Ich selbst habe mit Menschen mit Gehbehinderungen gearbeitet und solchen, die teilweise und gänzlich auf den Rollstuhl angewiesen waren. Gehen – und auch Transfers ins Auto, aus dem Bett usw. – betreffen Erdung, Gewichtsverlagerungen und Gleichgewicht, die möglichst intensiv, regelmäßig, aber sanft gepflegt werden sollten (in nächsten Newslettern mehr dazu).

Moshé Feldenkrais ging es darum, Gewahrsein und Bewusstheit zu gewinnen (dazu in einem folgenden Newsletter mehr). Er war Physiker, Verhaltensforscher und ein Experte in Judo. Zeitlebens war er ein wunderbarer erfindungsreicher Bewegungslehrer und Judolehrer, für Laien und für Experten. Deutlich hat er auf dieser Grundlage seine eigene Methode entwickelt. Und ebenso deutlich zeigt er, dass auch Judo noch verfeinert werden kann durch Bodenarbeit und körperliche Durchlässigkeit. In seine eigene Arbeitsweise, die Feldenkrais-Lektionen und die Funktionale Integration, flossen das Beobachten der frühen Versuche eines Babys ein, zu greifen, den Kopf zu heben, das spiralige Drehen, Rollen, robben, krabbeln, aufsitzen, knien …, dann das Studium der Lernentwicklung im Heranwachsen der Kinder zur Aufrichtung, zum menschlichen Gang, zu den Alltagsbewegungen des Neigens und Beugens, Springens, Hüpfens und Tanzens. Schließlich prägten Moshés lebenslange Erfahrungen mit kranken, behinderten und alten Menschen, mit Tänzern, … seine Arbeit.
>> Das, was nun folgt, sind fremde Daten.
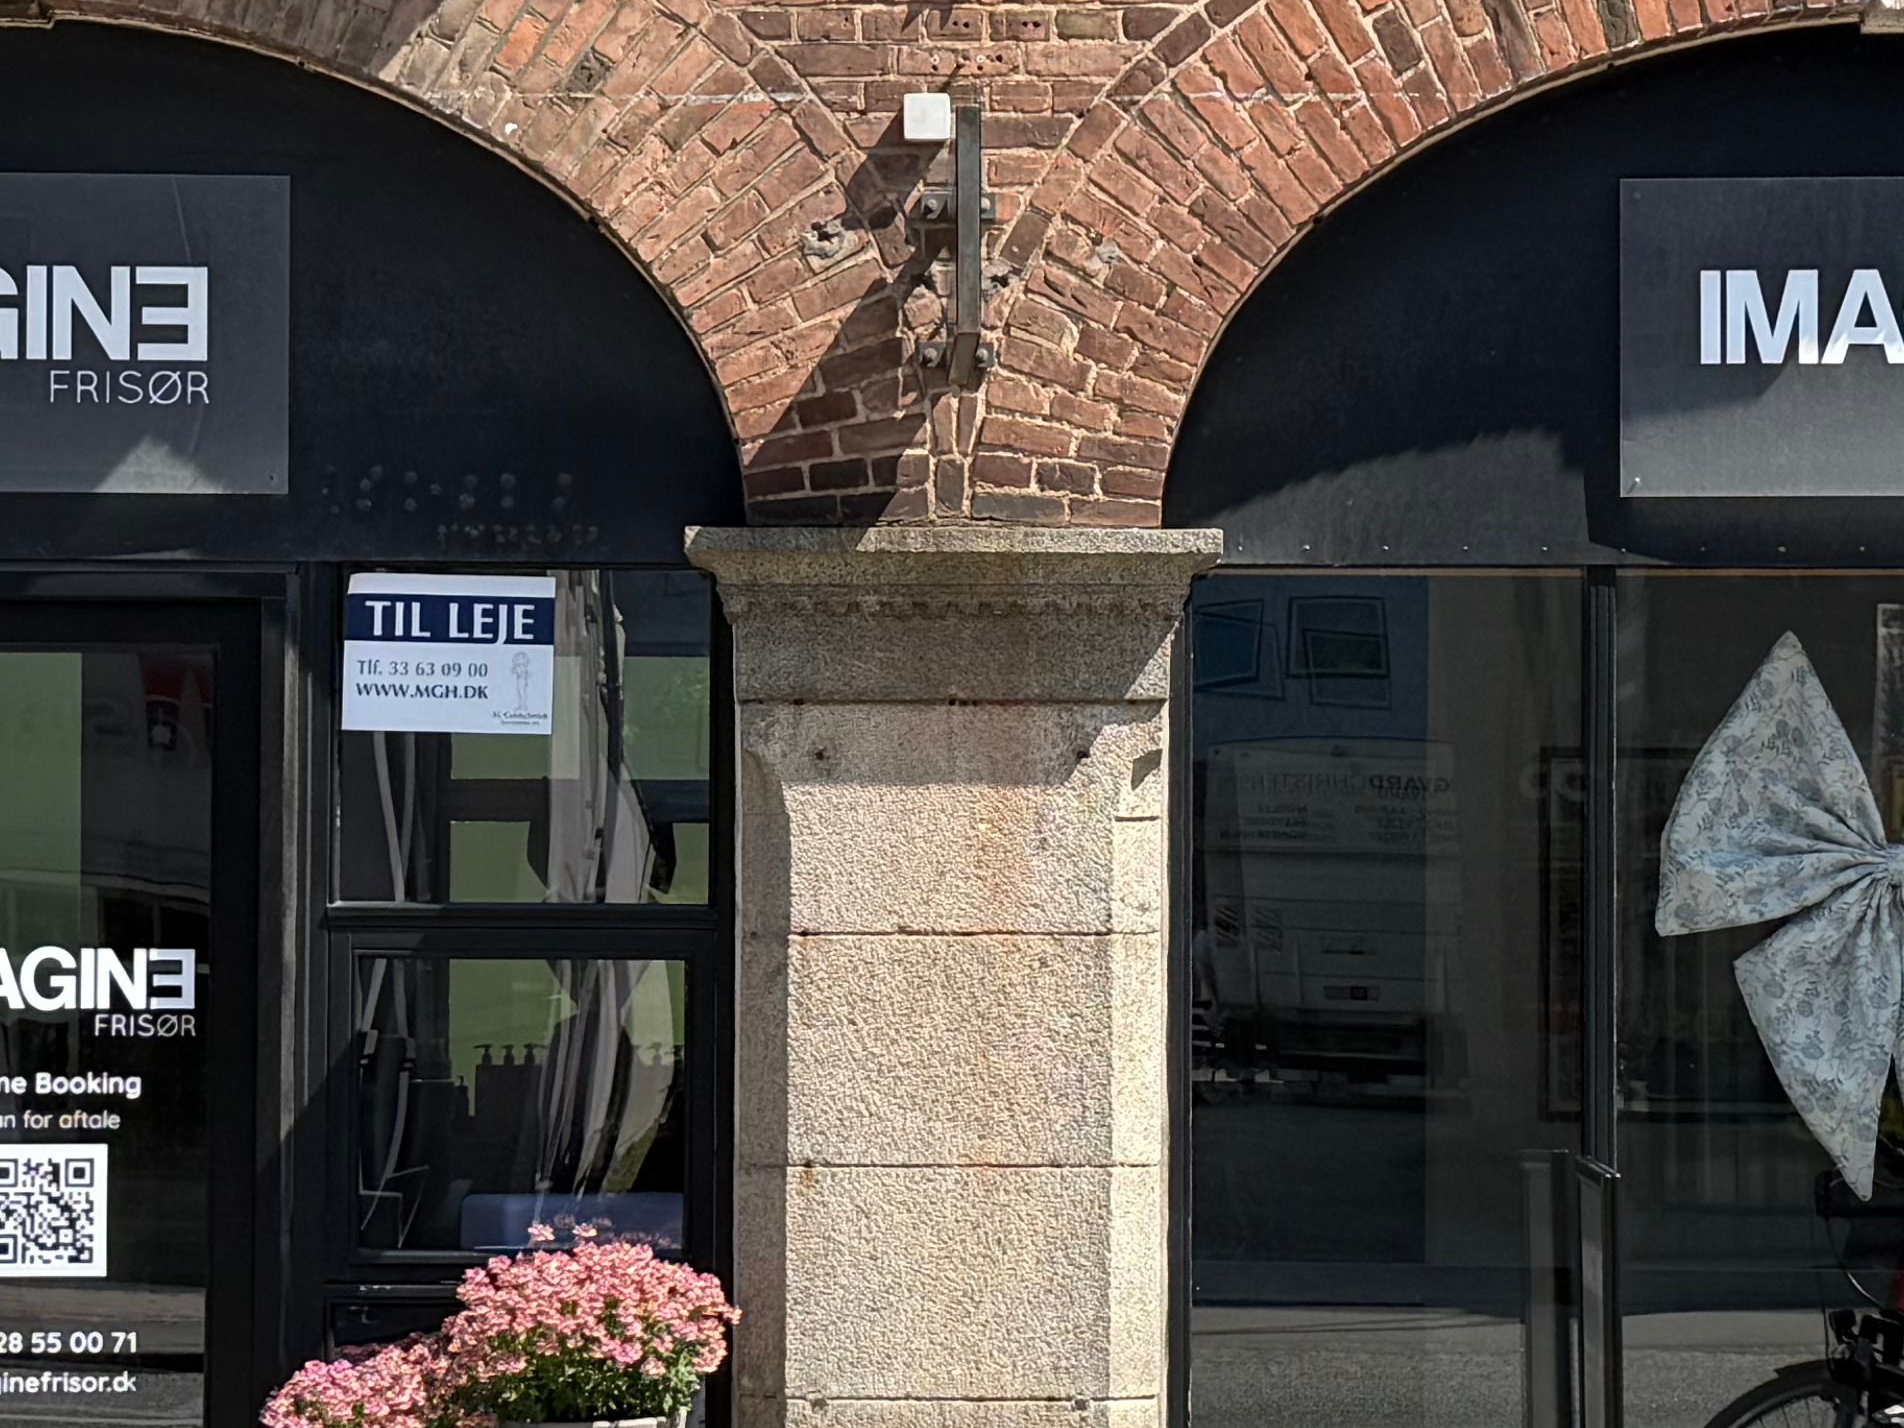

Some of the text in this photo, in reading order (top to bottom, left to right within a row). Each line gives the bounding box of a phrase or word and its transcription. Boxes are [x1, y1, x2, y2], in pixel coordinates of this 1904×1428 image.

Jede Bewegung ist eine Gewichtsverlagerung und also der Umgang mit der Schwerkraft, woraus sich das Balancieren durch das Leben formt und eine ständige Notwendigkeit, sich aufzufangen.

Moshé Feldenkrais sieht als Errungenschaften eines vollständig ausbalancierten und erwachsenen Menschen u.a. dieses an:
a) Beweglichkeit der gesamten über 30 Gelenke der Füße
b) die Koordination aller Muskeln, Knochen, Glieder, Organe und die Flexibilität unserer Nerven-, Lern- und Geistesprozesse
c) die Kunst zu fallen und sich ohne Angst aus dem Gleichgewicht zu entlassen, sich der Dynamik und „off-balance“  zu ergeben, sich kontrolliert zu Boden lassen
d) der Erwerb von Bewegungsmustern, die weit über die eigenen Gewohnheiten hinausgehen
e) die Fähigkeit eines ausgereiften Erwachsenen, der seine Gefühle, Gedanken und Aktionen wahrnimmt und kontrollieren kann
f) ein glückliches erfülltes Leben zu gestalten
g) Bewusstheit, Selbständigkeit, Freiheit und Reife.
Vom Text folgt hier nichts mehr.